Problem description :: Copy the entries without a single change. Pictures should be dropped.

(Dataset entries)
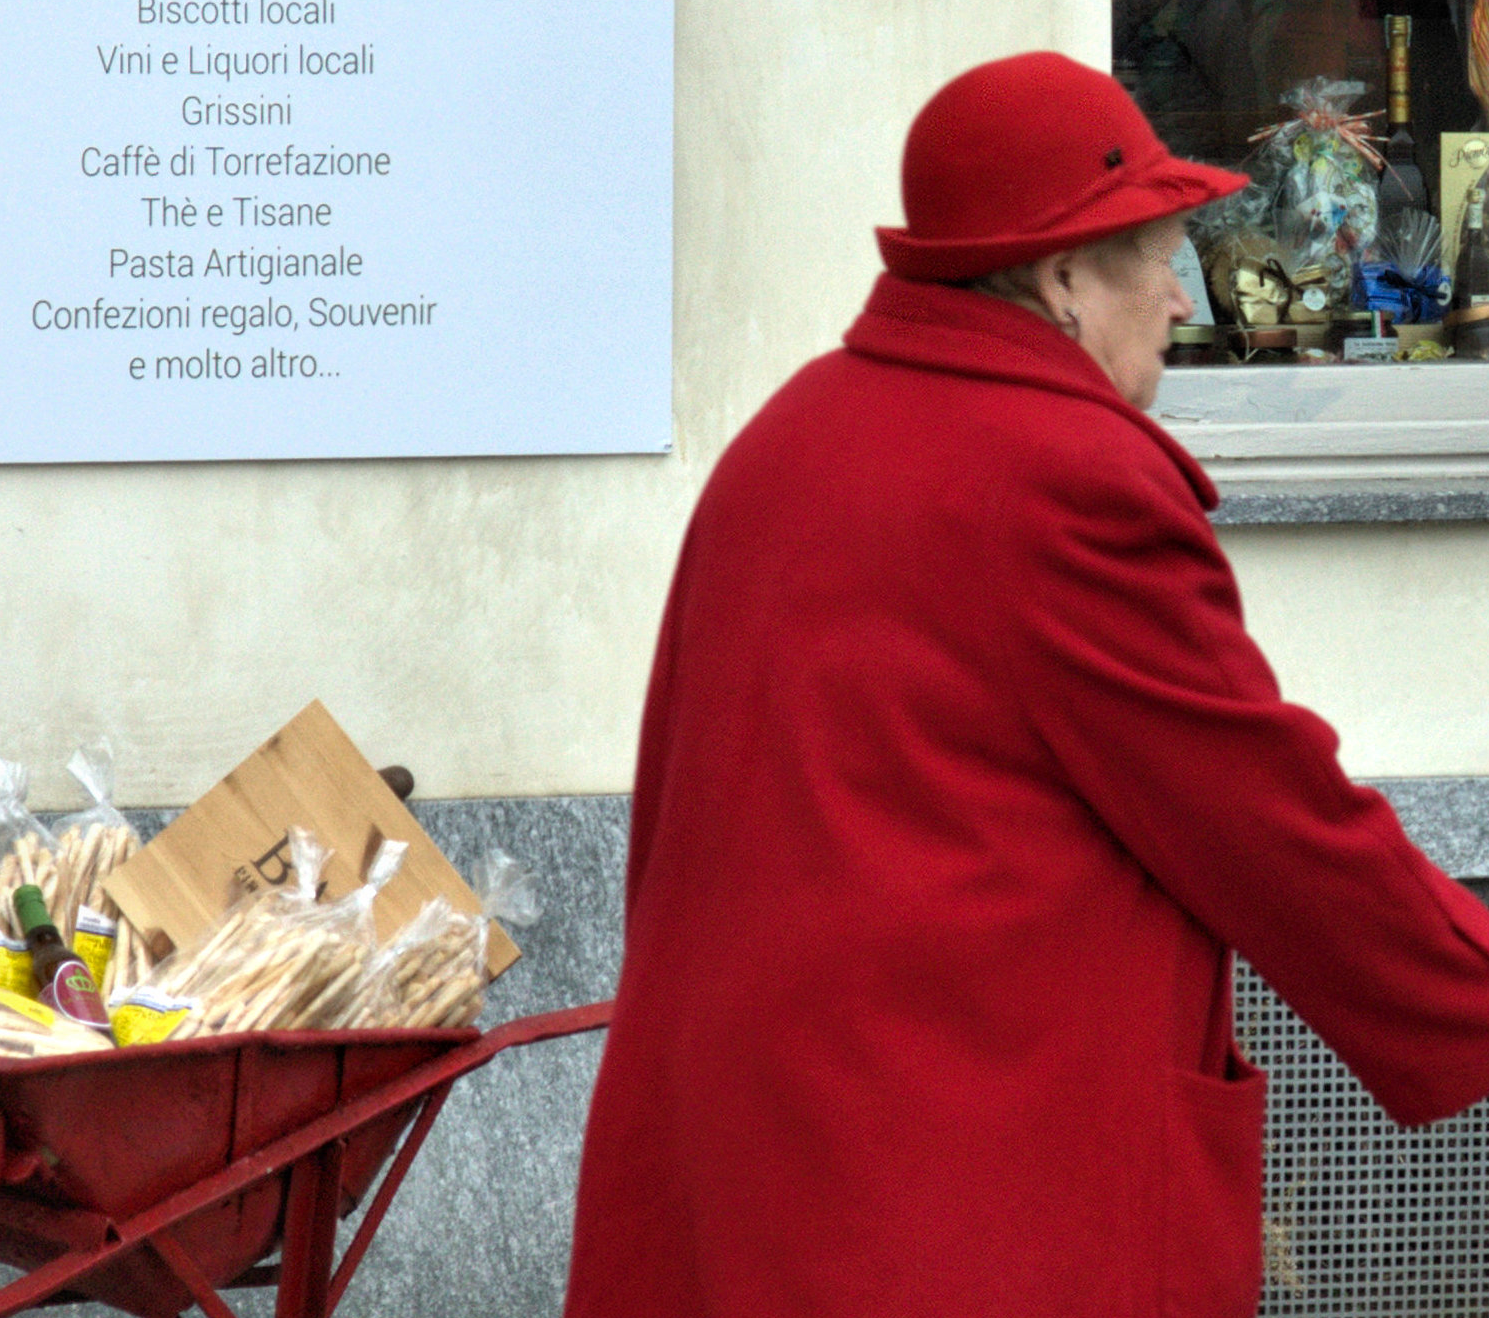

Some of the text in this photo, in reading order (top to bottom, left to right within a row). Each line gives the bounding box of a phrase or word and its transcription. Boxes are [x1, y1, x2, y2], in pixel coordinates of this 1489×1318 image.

[96, 43, 374, 83] Vini e Liquori locali
[181, 95, 292, 127] Grissini
[80, 143, 392, 178] Caffè di Torrefazione
[140, 195, 333, 228] Thè e Tisane
[109, 244, 364, 286] Pasta Artigianale
[31, 294, 438, 337] Confezioni regalo, Souvenir
[128, 346, 341, 381] e molto altro...
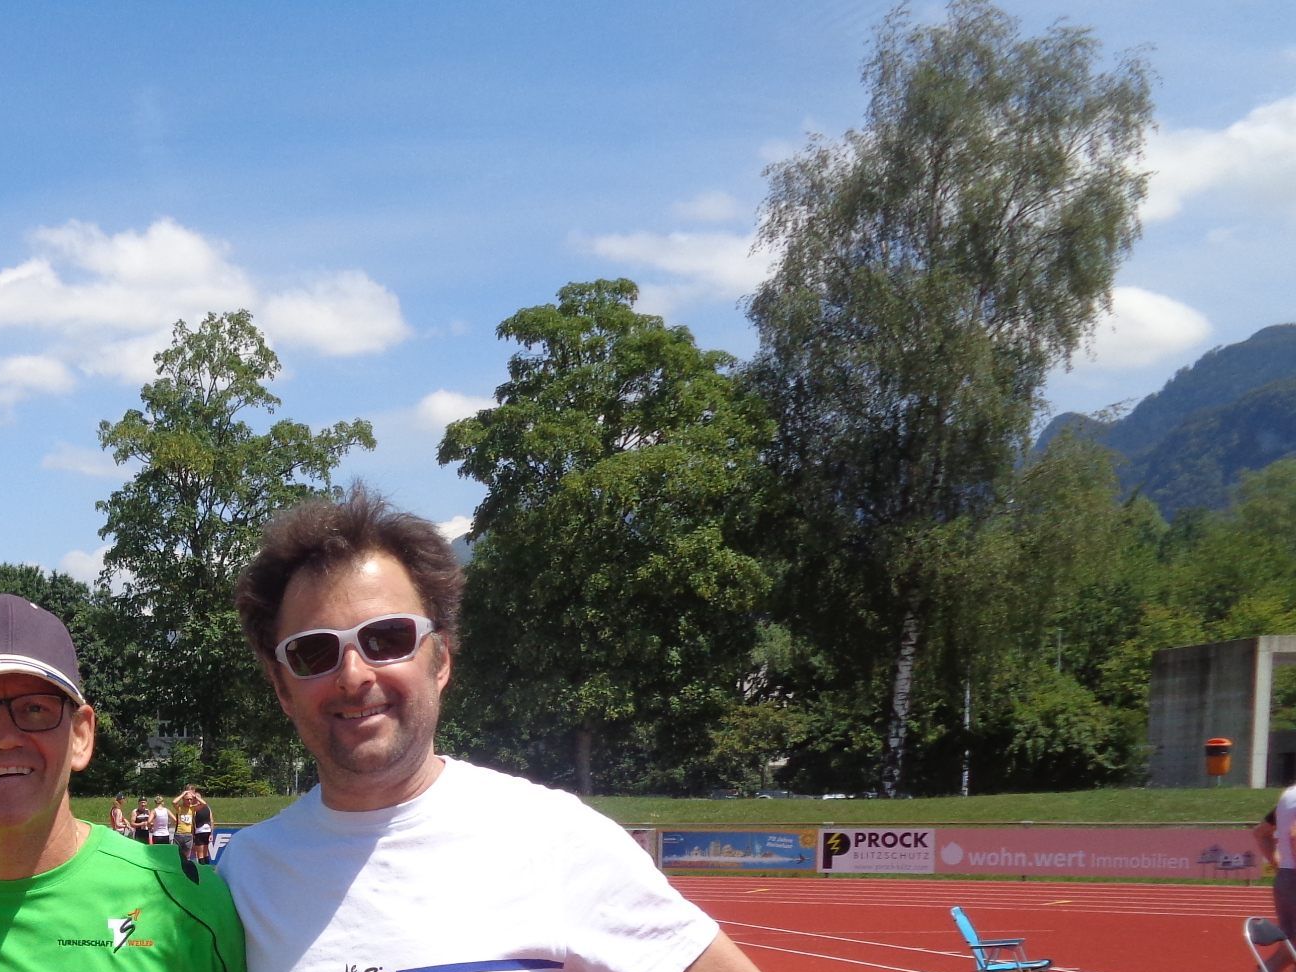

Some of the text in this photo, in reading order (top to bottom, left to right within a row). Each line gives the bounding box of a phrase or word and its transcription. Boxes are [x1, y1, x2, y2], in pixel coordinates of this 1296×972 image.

[854, 832, 929, 849] PROCK
[853, 851, 929, 860] BLITZSCHUTZ
[968, 848, 1190, 870] wohn.wert Immobilien
[57, 938, 113, 948] TURNERSCHAFT

Solution for this exercise ::
Some of the text in this photo, in reading order (top to bottom, left to right within a row). Each line gives the bounding box of a phrase or word and its transcription. Boxes are [x1, y1, x2, y2], in pixel coordinates of this 1489×1318 image.

[96, 43, 374, 83] Vini e Liquori locali
[181, 95, 292, 127] Grissini
[80, 143, 392, 178] Caffè di Torrefazione
[140, 195, 333, 228] Thè e Tisane
[109, 244, 364, 286] Pasta Artigianale
[31, 294, 438, 337] Confezioni regalo, Souvenir
[128, 346, 341, 381] e molto altro...

Some of the text in this photo, in reading order (top to bottom, left to right within a row). Each line gives the bounding box of a phrase or word and its transcription. Boxes are [x1, y1, x2, y2], in pixel coordinates of this 1296×972 image.

[854, 832, 929, 849] PROCK
[853, 851, 929, 860] BLITZSCHUTZ
[968, 848, 1190, 870] wohn.wert Immobilien
[57, 938, 113, 948] TURNERSCHAFT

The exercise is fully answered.